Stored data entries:
----------------

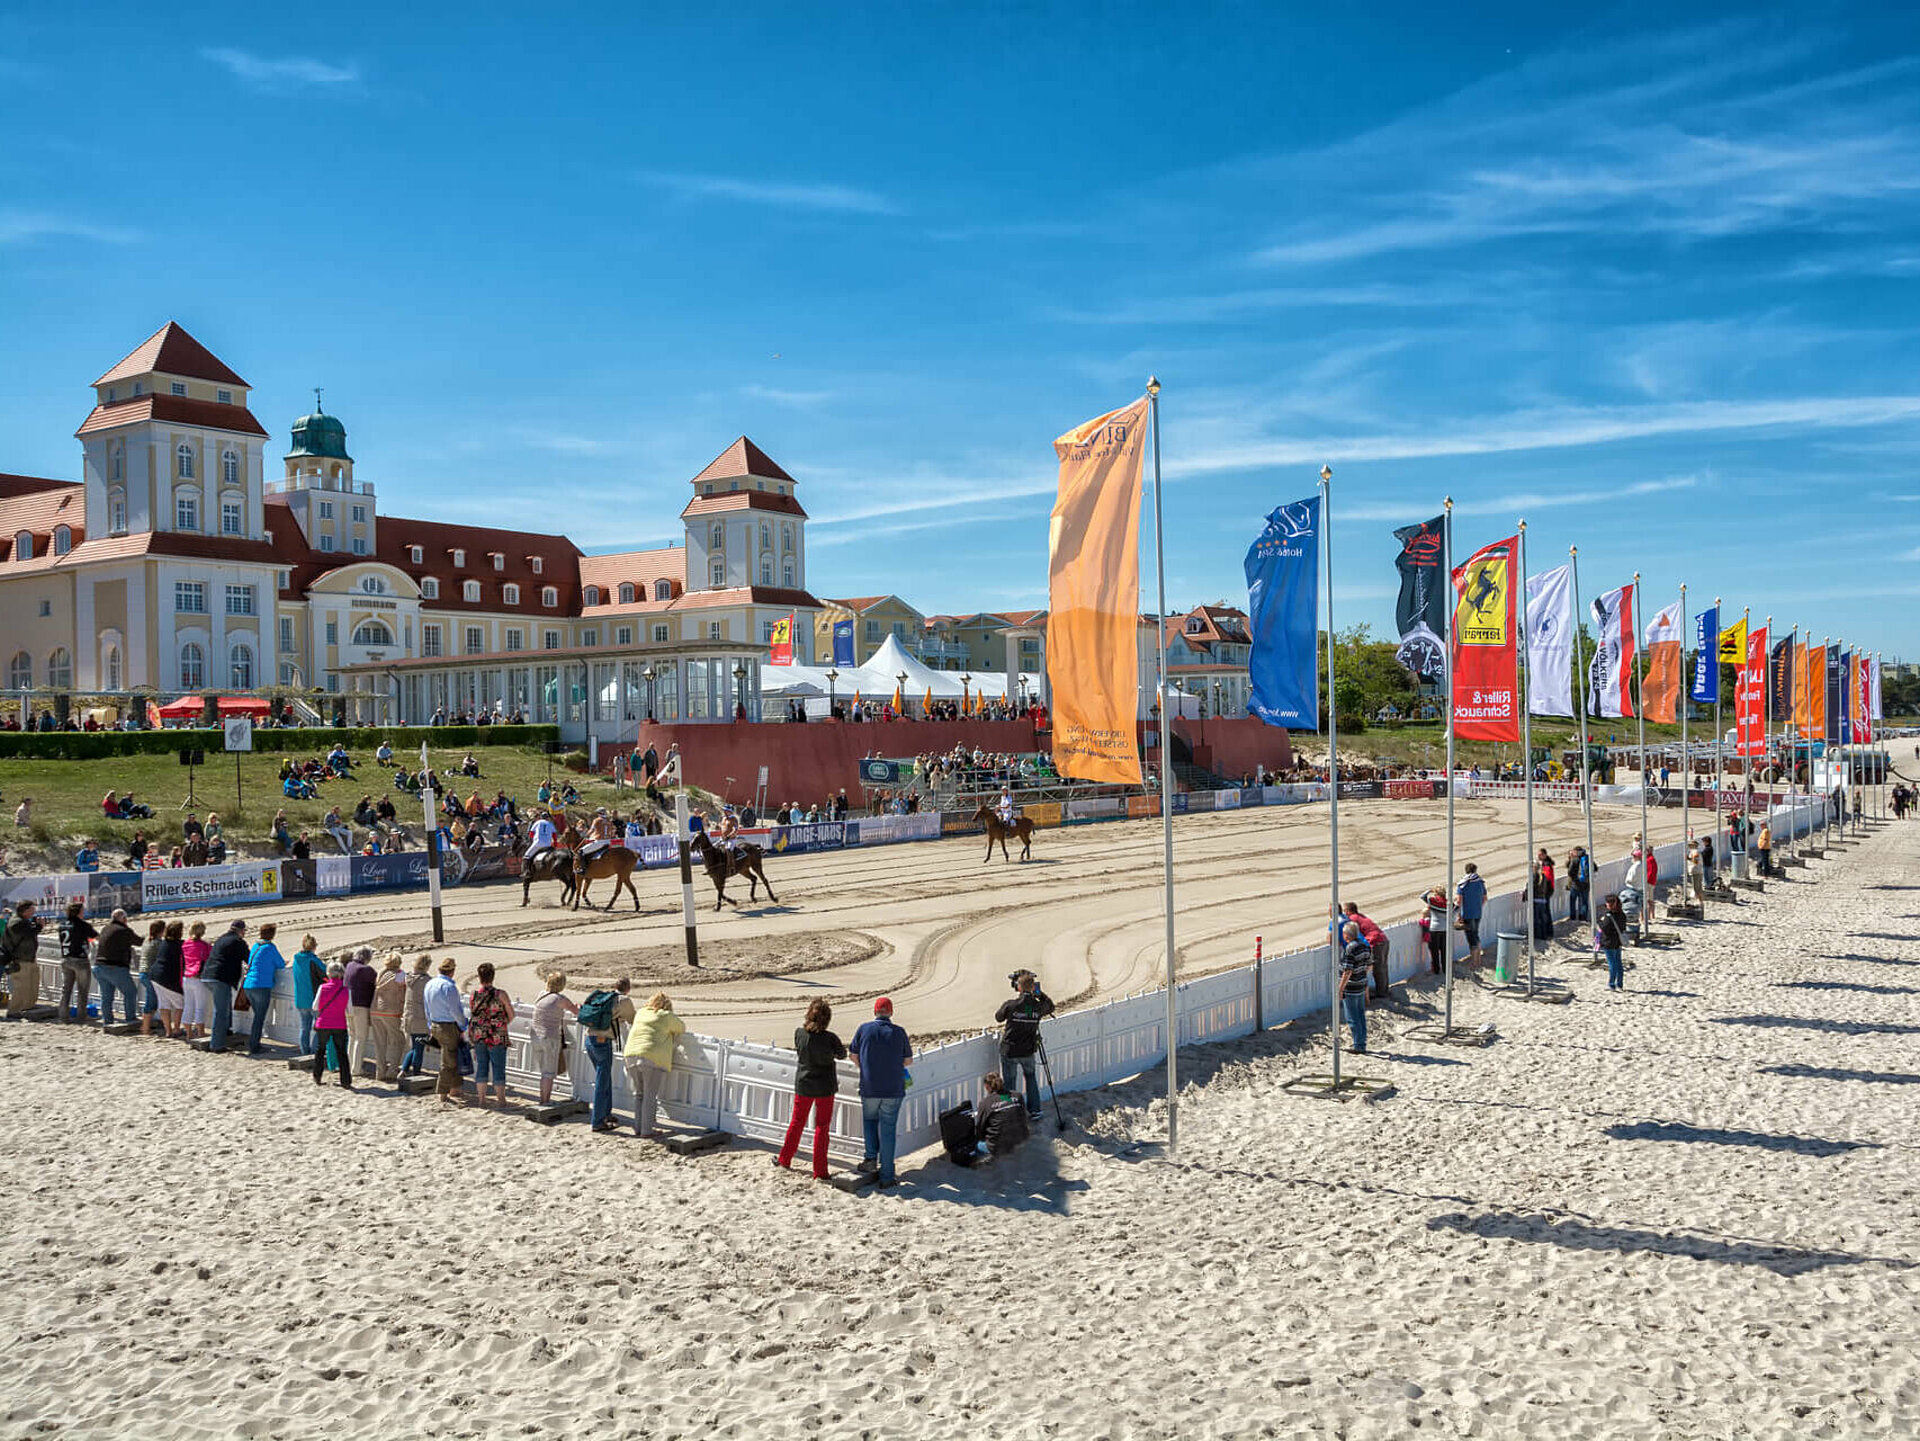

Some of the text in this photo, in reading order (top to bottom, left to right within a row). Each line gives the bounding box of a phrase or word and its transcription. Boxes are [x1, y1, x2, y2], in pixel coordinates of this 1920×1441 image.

[145, 884, 180, 897] Riller
[193, 876, 258, 893] Schnauck
[61, 930, 71, 946] 2
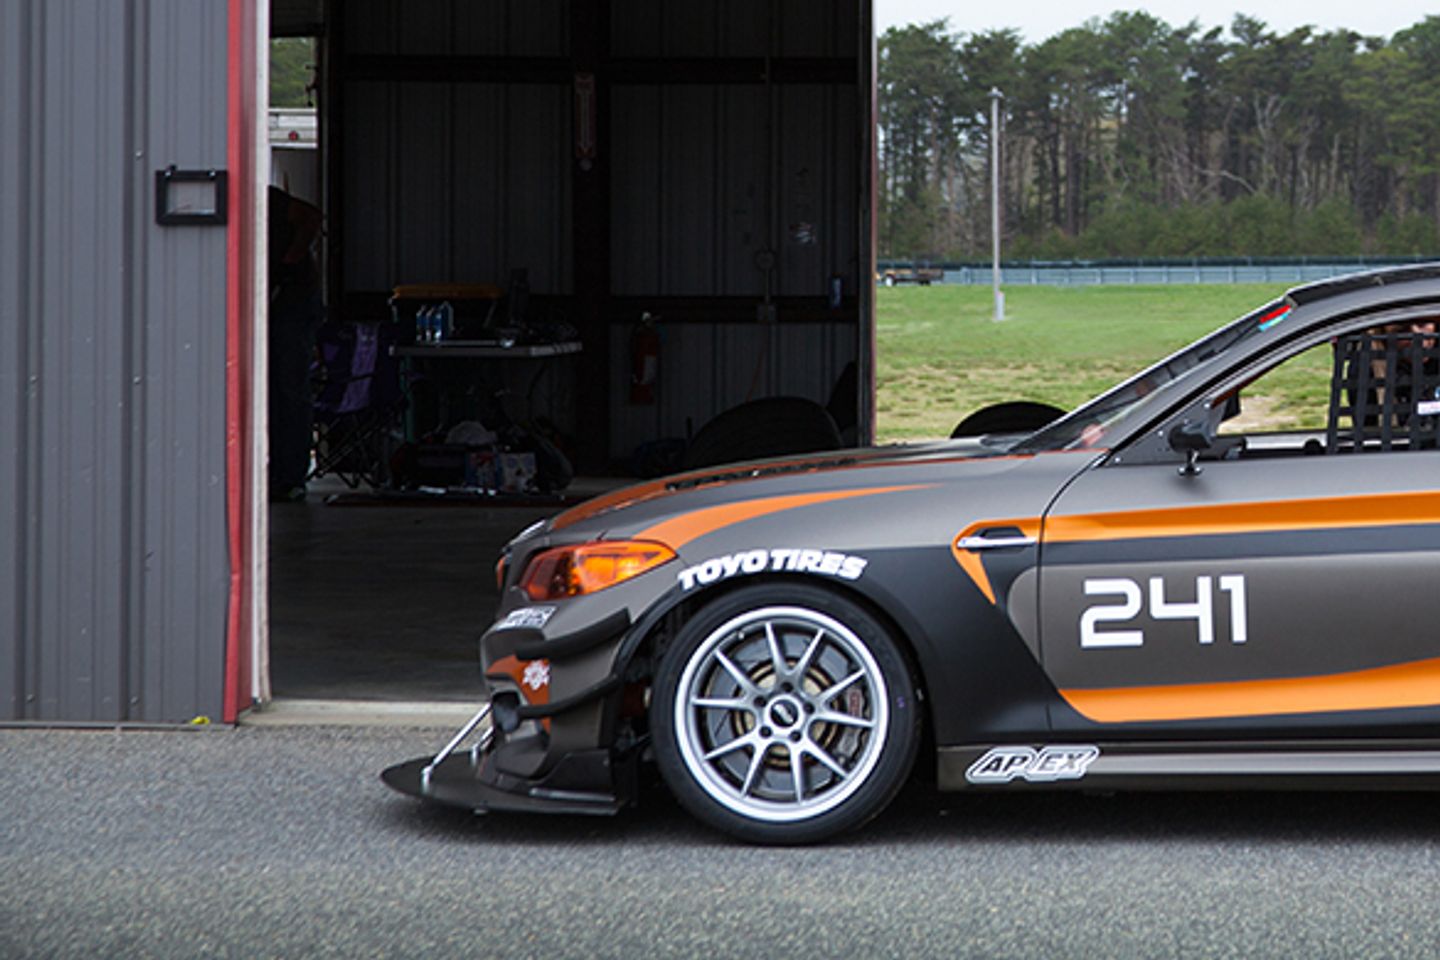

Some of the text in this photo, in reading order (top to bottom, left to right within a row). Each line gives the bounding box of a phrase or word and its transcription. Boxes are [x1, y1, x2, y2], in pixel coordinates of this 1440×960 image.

----------------

§ **TASK STATEMENT**: Every entry above needs to be copied exactly, apart from its pictures.

§ **FINISHED TASK**:
Some of the text in this photo, in reading order (top to bottom, left to right within a row). Each line gives the bounding box of a phrase or word and its transcription. Boxes are [x1, y1, x2, y2], in pixel coordinates of this 1920×1441 image.

[145, 884, 180, 897] Riller
[193, 876, 258, 893] Schnauck
[61, 930, 71, 946] 2

Some of the text in this photo, in reading order (top to bottom, left to right within a row). Each line gives the bounding box of a phrase or word and its transcription. Boxes are [x1, y1, x2, y2], in pixel coordinates of this 1440×960 image.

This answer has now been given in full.